◆ The task ◆
Write the following entries out again exactly, skipping each image.

◆ Data shown ◆
* * * * * * *
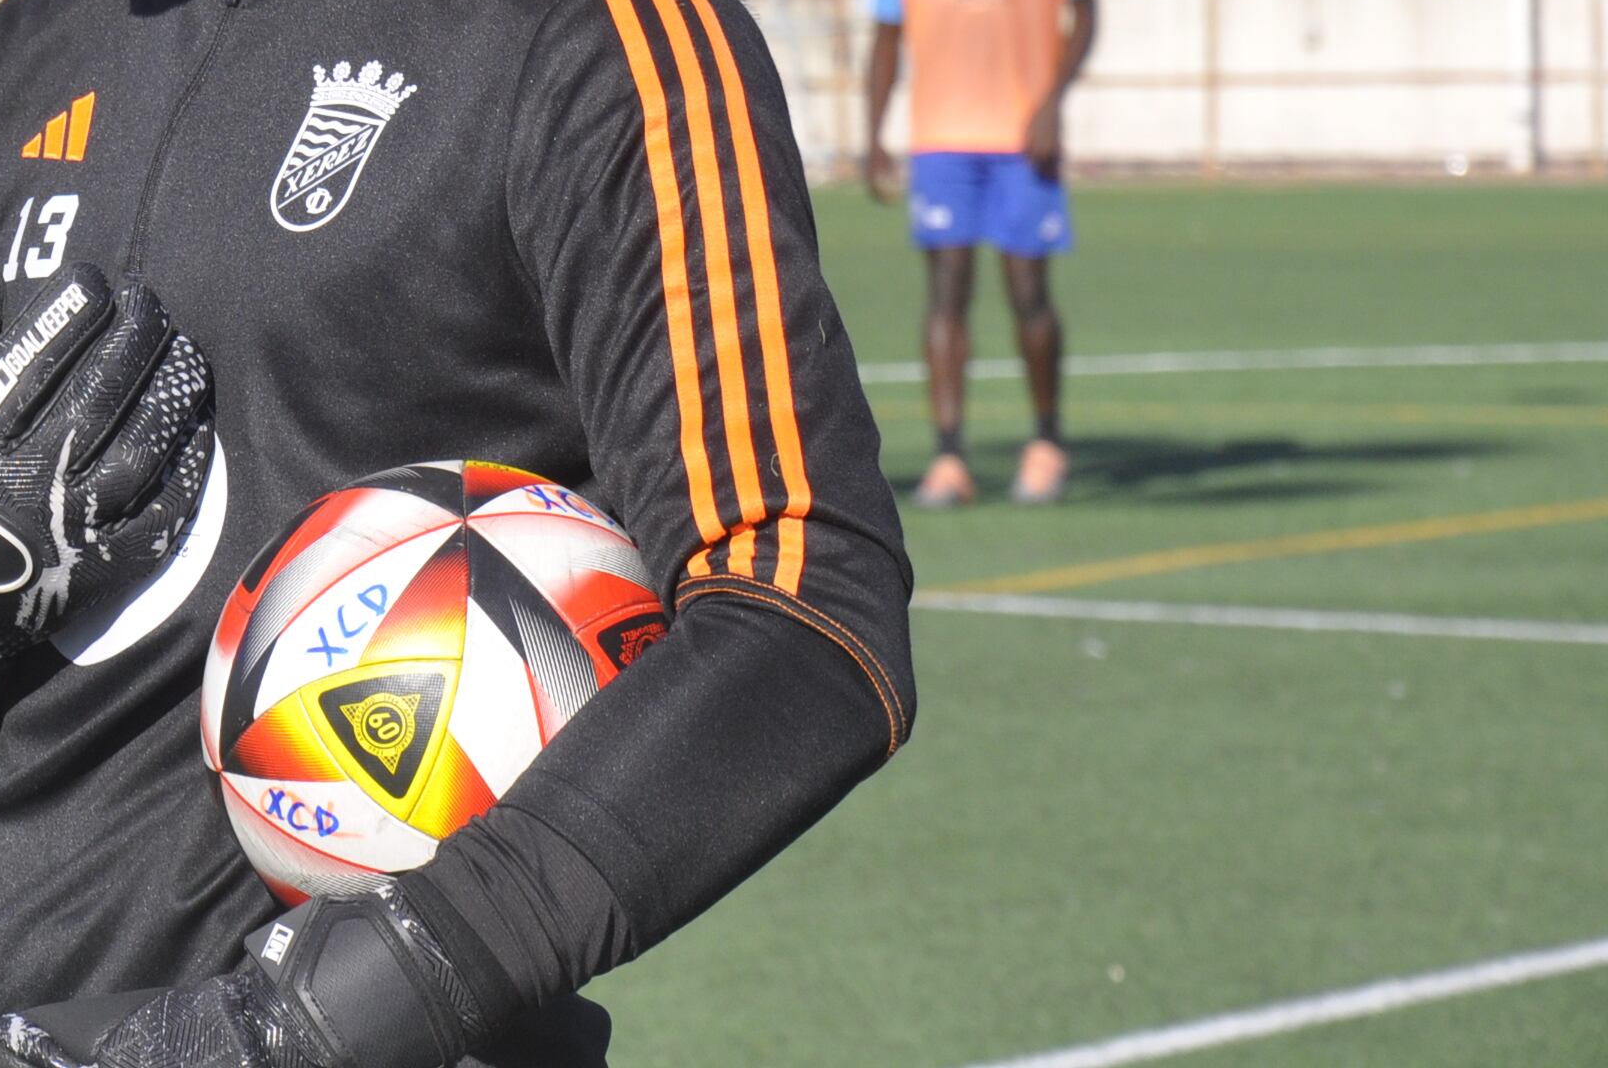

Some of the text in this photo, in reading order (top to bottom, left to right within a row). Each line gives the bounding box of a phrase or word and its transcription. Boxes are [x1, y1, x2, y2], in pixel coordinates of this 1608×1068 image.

[284, 127, 374, 198] XEREZ
[2, 194, 80, 283] 13
[306, 583, 388, 667] XCD
[367, 712, 401, 740] 60
[264, 787, 340, 837] XCD
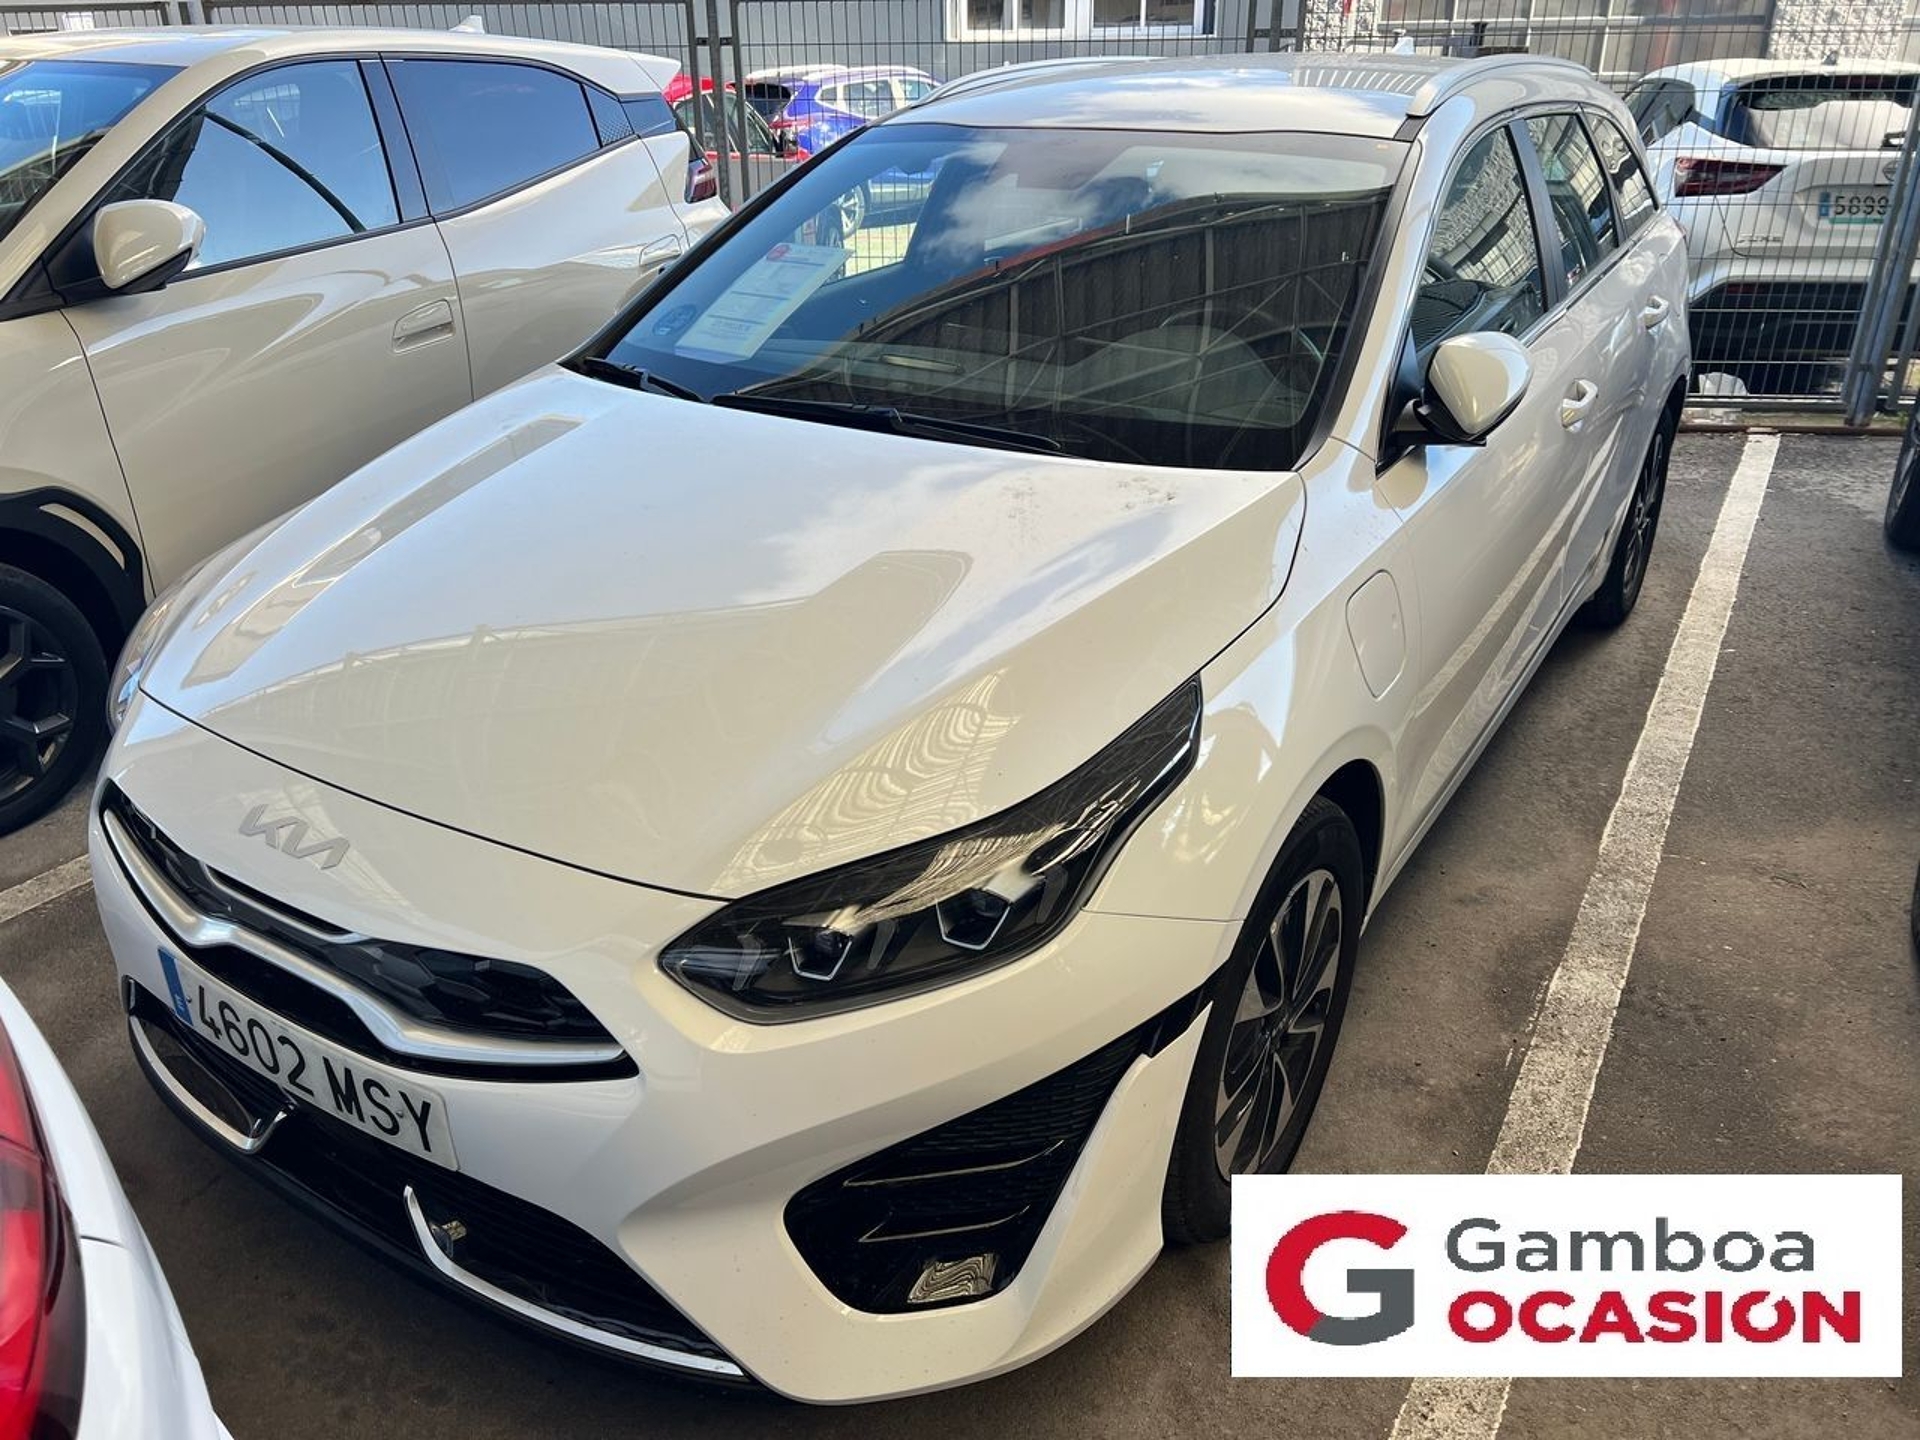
* * * * * * *
◆ Result ◆
Some of the text in this photo, in reading order (top to bottom, left to right within a row). Each line gives the bounding box of a phrase or word and its transcription. Boxes are [x1, y1, x2, y2], in pixel coordinates of this 1608×1068 image.

[284, 127, 374, 198] XEREZ
[2, 194, 80, 283] 13
[306, 583, 388, 667] XCD
[367, 712, 401, 740] 60
[264, 787, 340, 837] XCD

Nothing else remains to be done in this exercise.